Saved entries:
-------

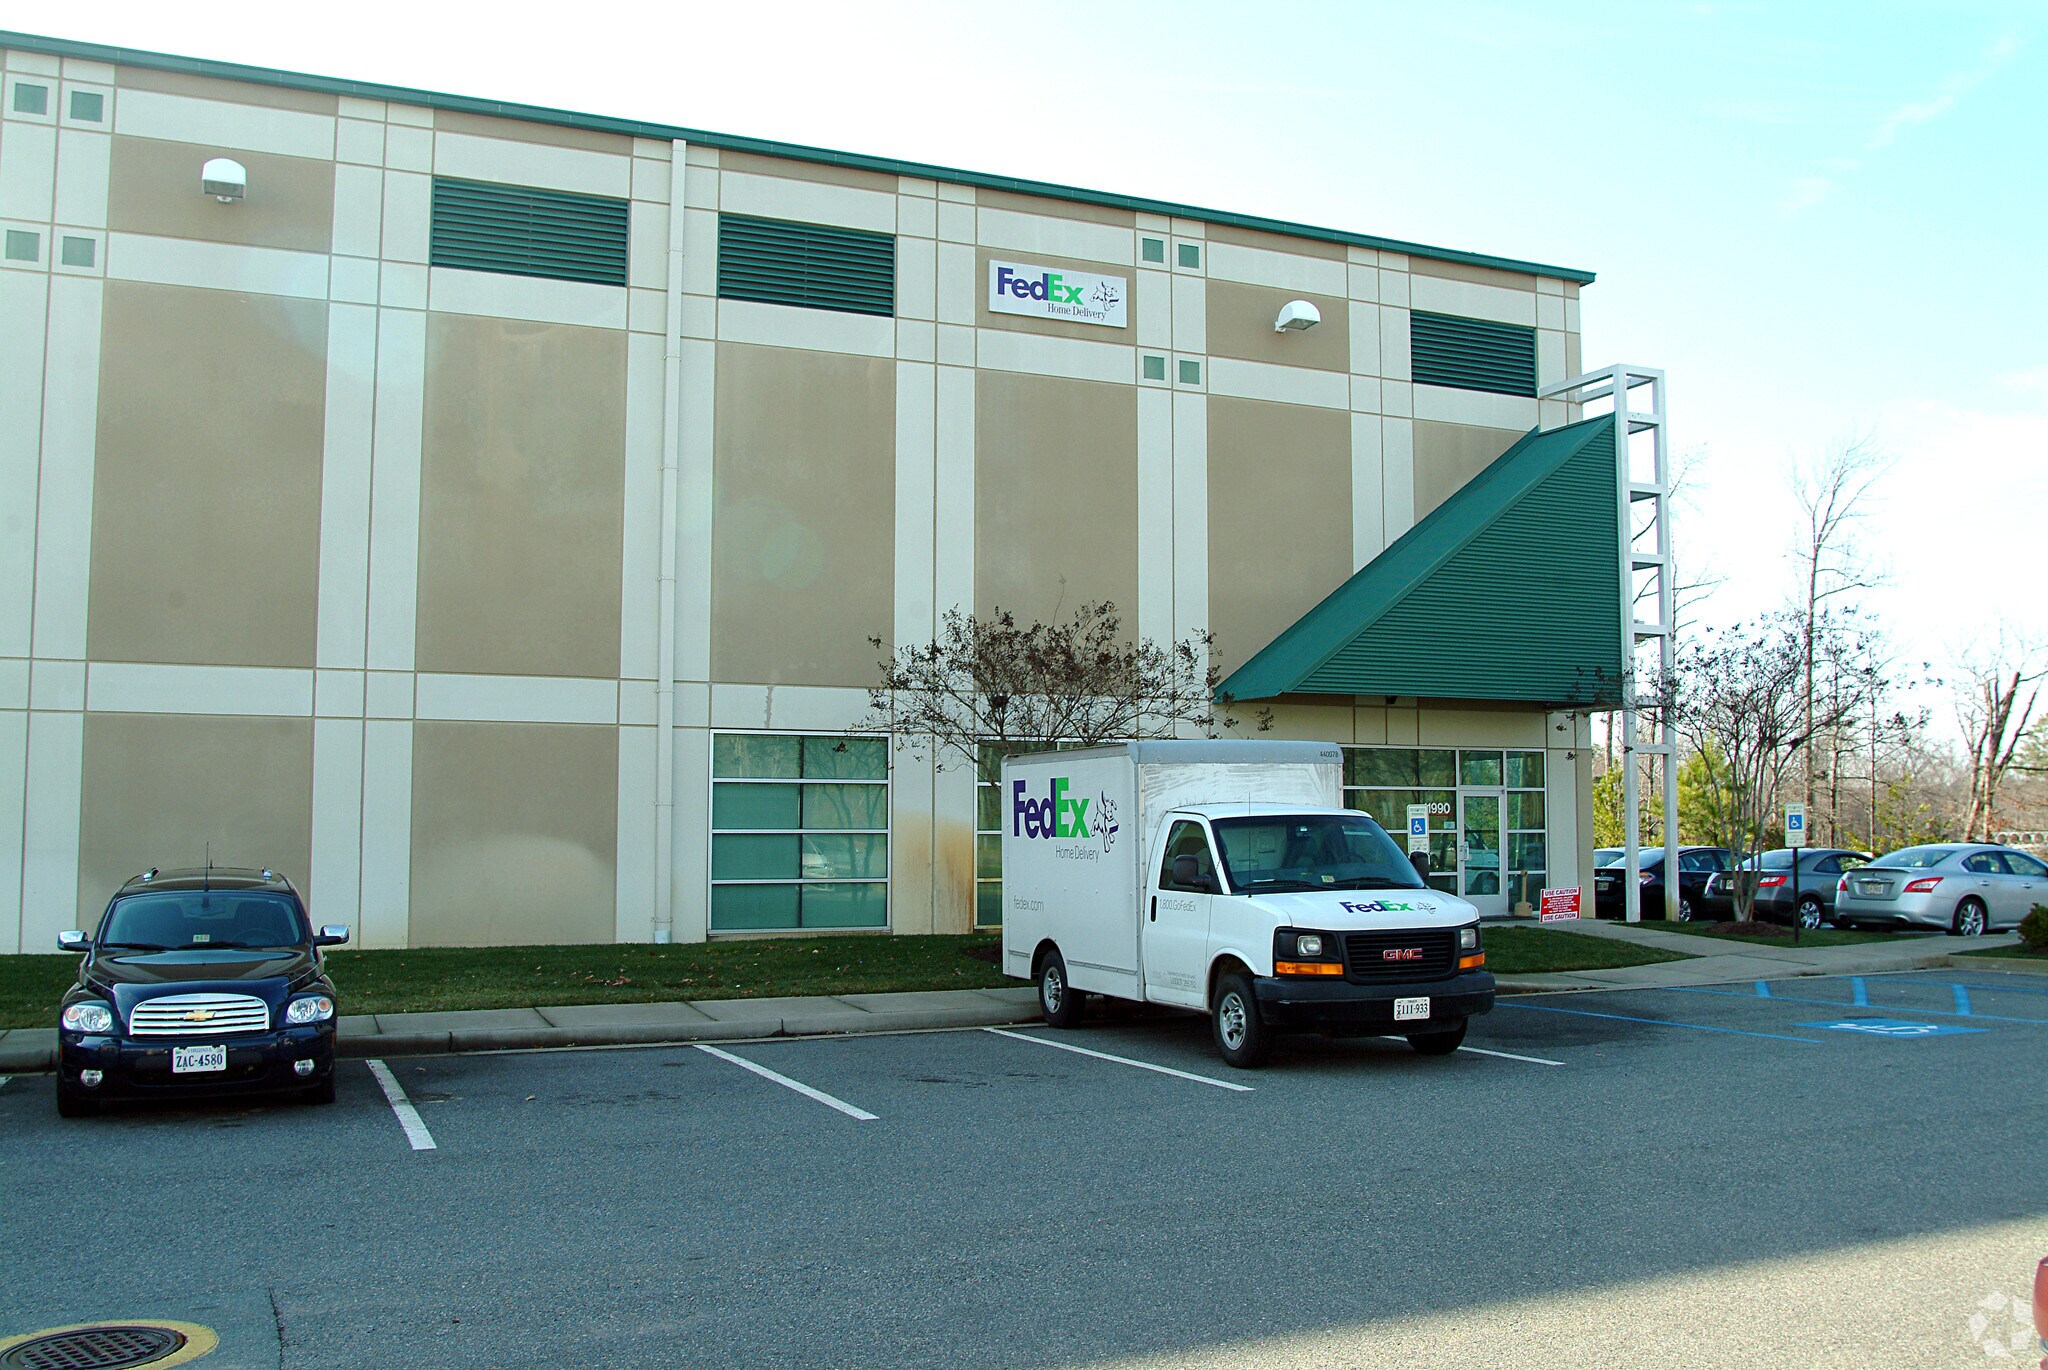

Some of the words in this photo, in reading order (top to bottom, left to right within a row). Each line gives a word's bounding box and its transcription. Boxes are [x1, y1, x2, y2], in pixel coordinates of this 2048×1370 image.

[997, 266, 1084, 305] FedEx
[1048, 303, 1071, 315] Home
[1072, 305, 1107, 321] Delivery
[1013, 777, 1090, 839] FedEx
[1424, 802, 1451, 814] 1990
[1056, 845, 1074, 859] Home
[1075, 845, 1099, 863] Delivery
[1014, 895, 1044, 911] fedex.com
[1339, 900, 1414, 913] FedEx
[1383, 948, 1423, 961] GMC
[176, 1053, 223, 1068] ZAC-4580
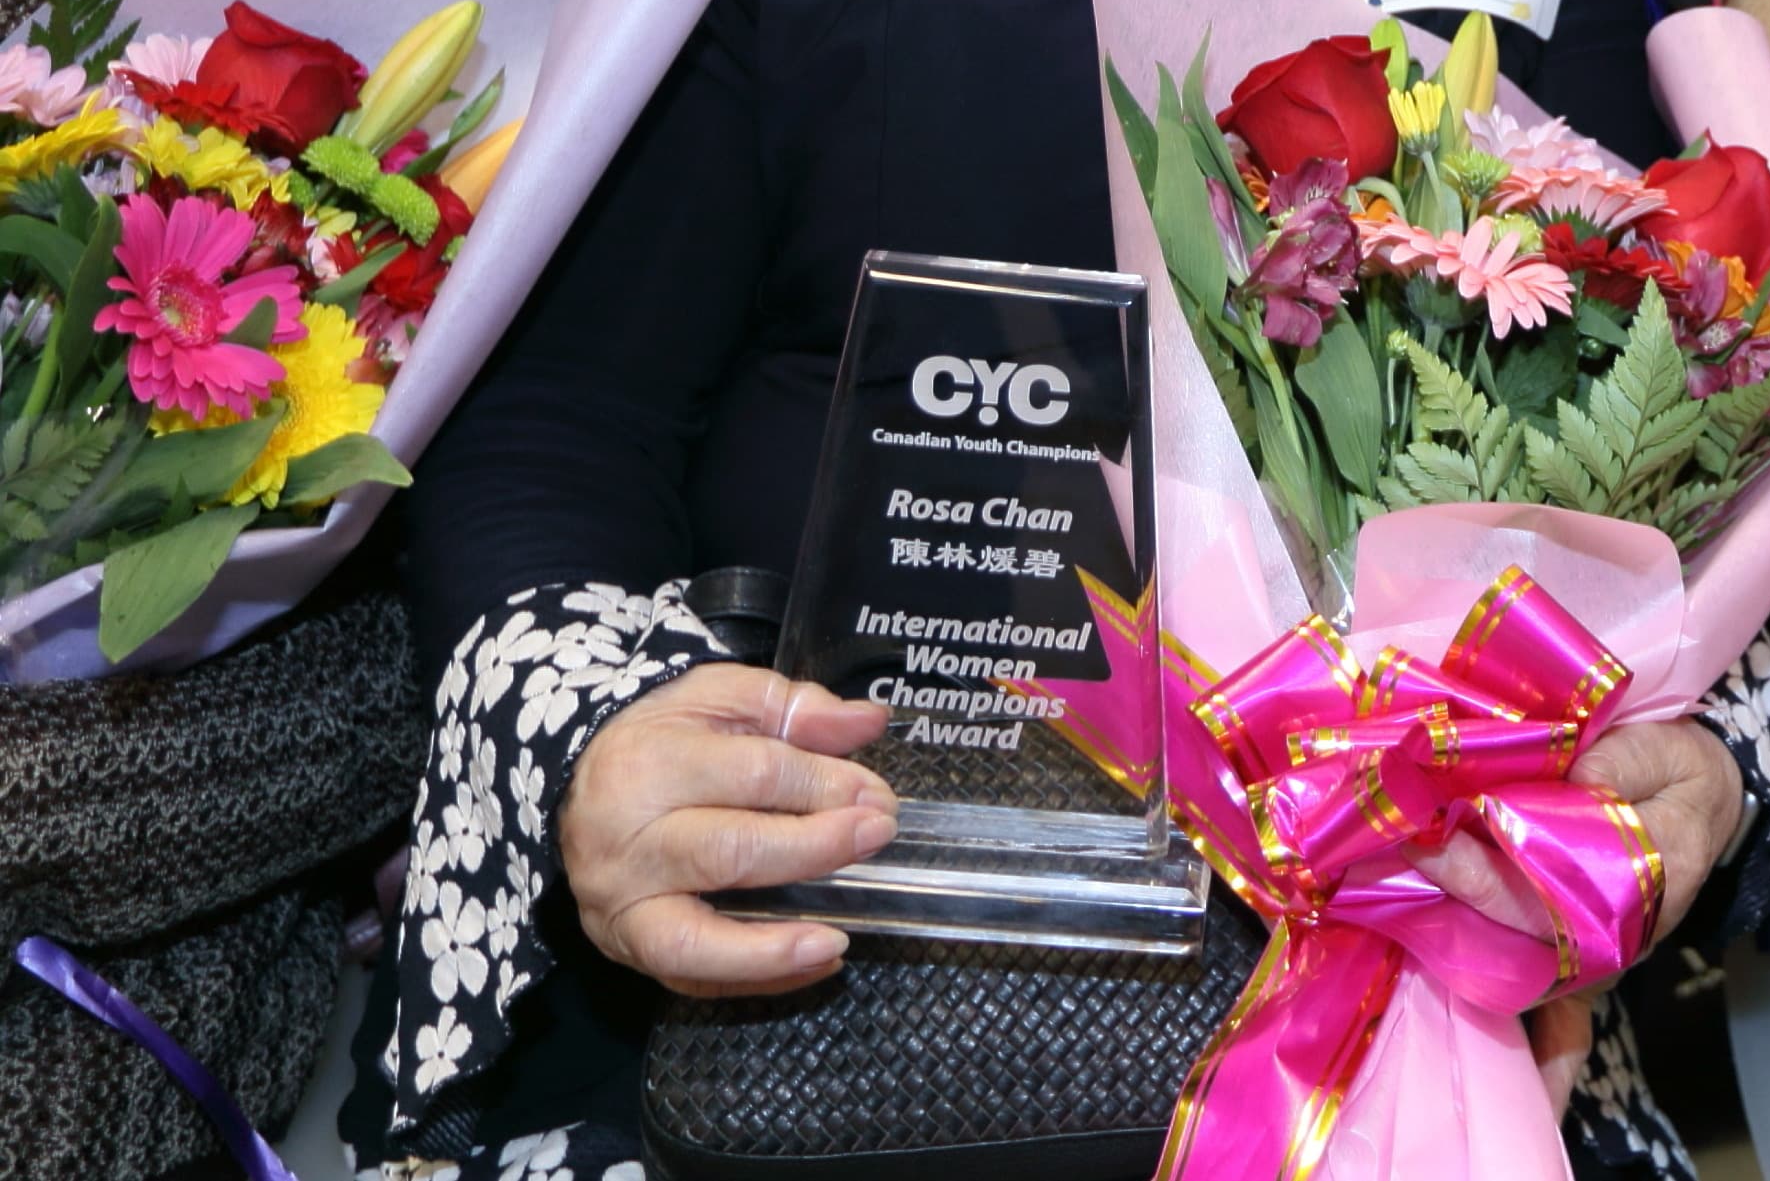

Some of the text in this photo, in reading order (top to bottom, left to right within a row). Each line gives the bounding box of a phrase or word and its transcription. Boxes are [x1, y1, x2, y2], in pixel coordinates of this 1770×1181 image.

[911, 354, 1071, 427] CYC
[872, 427, 1101, 463] Canadian Youth Champions
[886, 488, 1074, 533] Rosa Chan
[855, 604, 1093, 652] International
[905, 643, 1037, 682] Women
[867, 676, 1067, 720] Champions
[905, 714, 1024, 751] Award
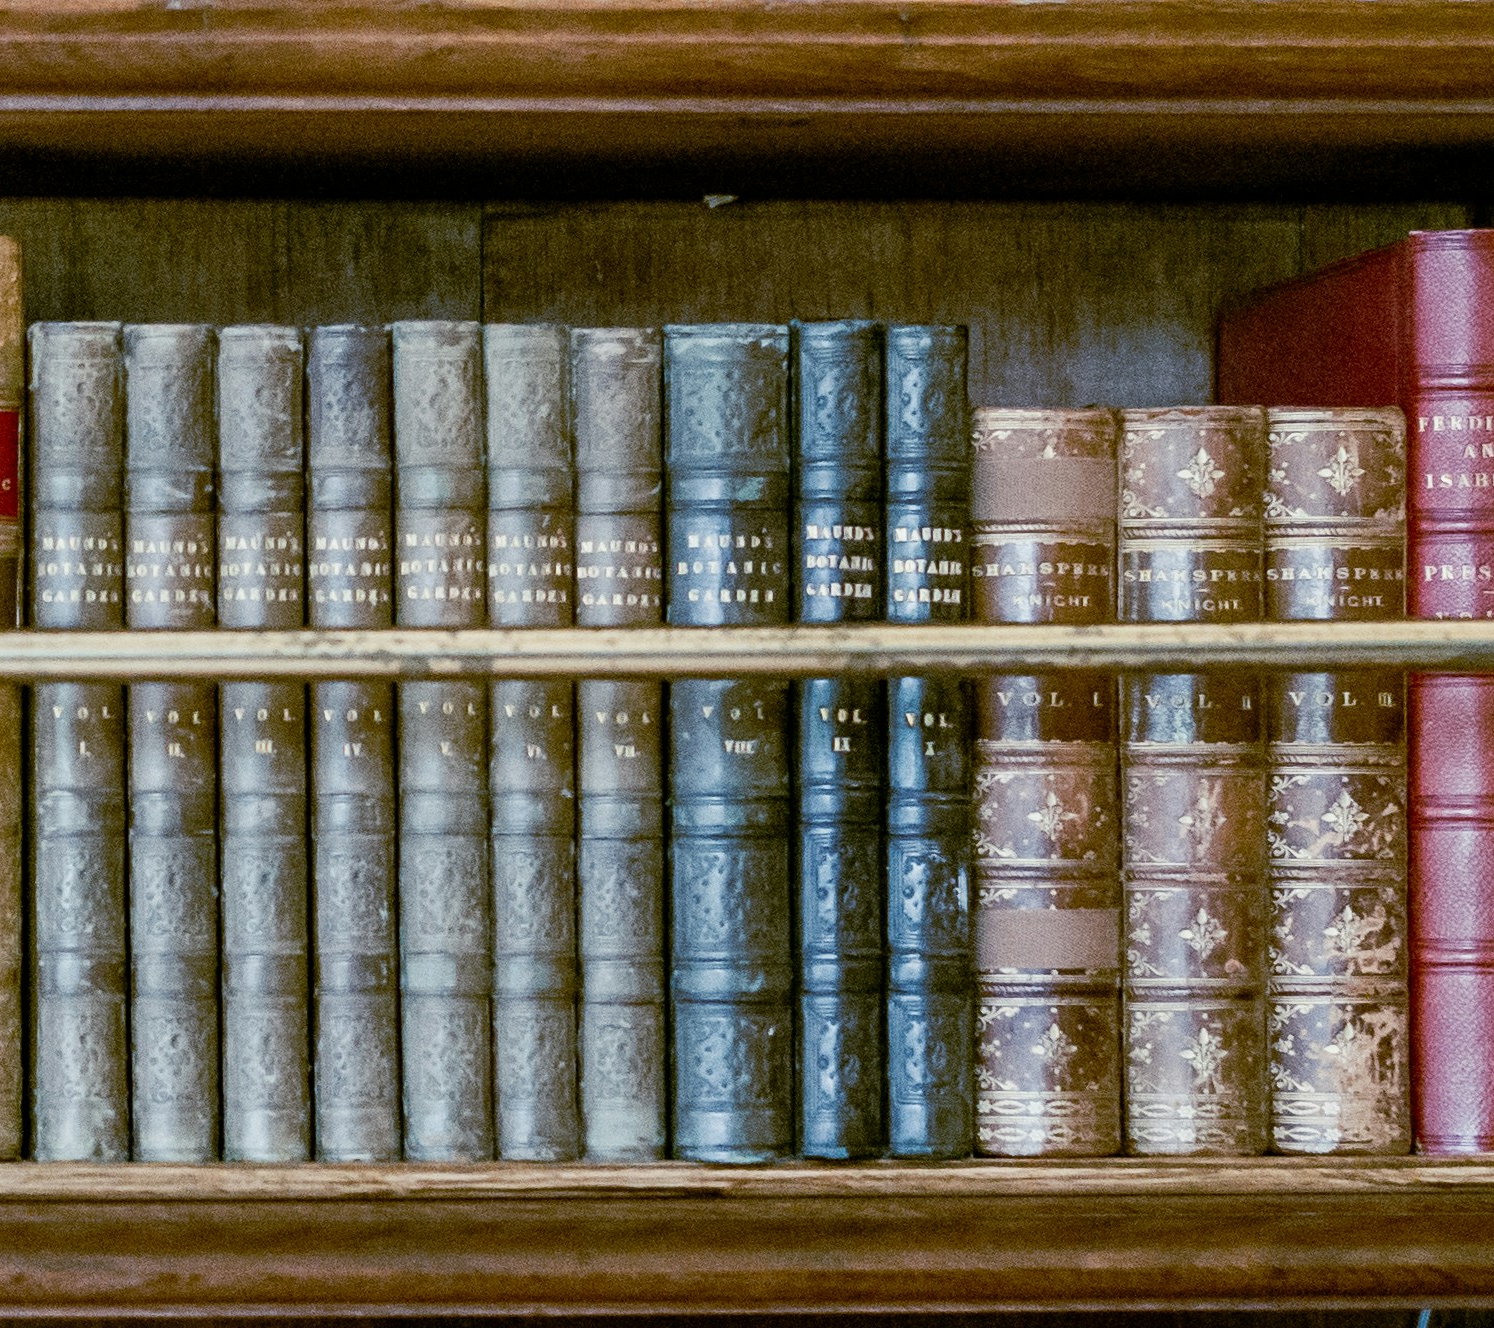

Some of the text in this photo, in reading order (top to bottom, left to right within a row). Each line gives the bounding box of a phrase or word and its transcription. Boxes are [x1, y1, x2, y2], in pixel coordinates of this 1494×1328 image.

-------

Copy the lines above exactly. Do not include pictures.

Some of the words in this photo, in reading order (top to bottom, left to right within a row). Each line gives a word's bounding box and its transcription. Boxes are [x1, y1, x2, y2], in pixel coordinates of this 2048×1370 image.

[997, 266, 1084, 305] FedEx
[1048, 303, 1071, 315] Home
[1072, 305, 1107, 321] Delivery
[1013, 777, 1090, 839] FedEx
[1424, 802, 1451, 814] 1990
[1056, 845, 1074, 859] Home
[1075, 845, 1099, 863] Delivery
[1014, 895, 1044, 911] fedex.com
[1339, 900, 1414, 913] FedEx
[1383, 948, 1423, 961] GMC
[176, 1053, 223, 1068] ZAC-4580

Some of the text in this photo, in reading order (top to bottom, left to right within a row). Each line gives the bounding box of a phrase or word and its transcription. Boxes are [x1, y1, x2, y2], in pixel coordinates of this 1770×1181 image.

[911, 354, 1071, 427] CYC
[872, 427, 1101, 463] Canadian Youth Champions
[886, 488, 1074, 533] Rosa Chan
[855, 604, 1093, 652] International
[905, 643, 1037, 682] Women
[867, 676, 1067, 720] Champions
[905, 714, 1024, 751] Award

Some of the text in this photo, in reading order (top to bottom, left to right within a row). Each line gives the bounding box of a phrase or word and its transcription. Boxes are [x1, y1, x2, y2], in pixel coordinates of this 1494×1328 image.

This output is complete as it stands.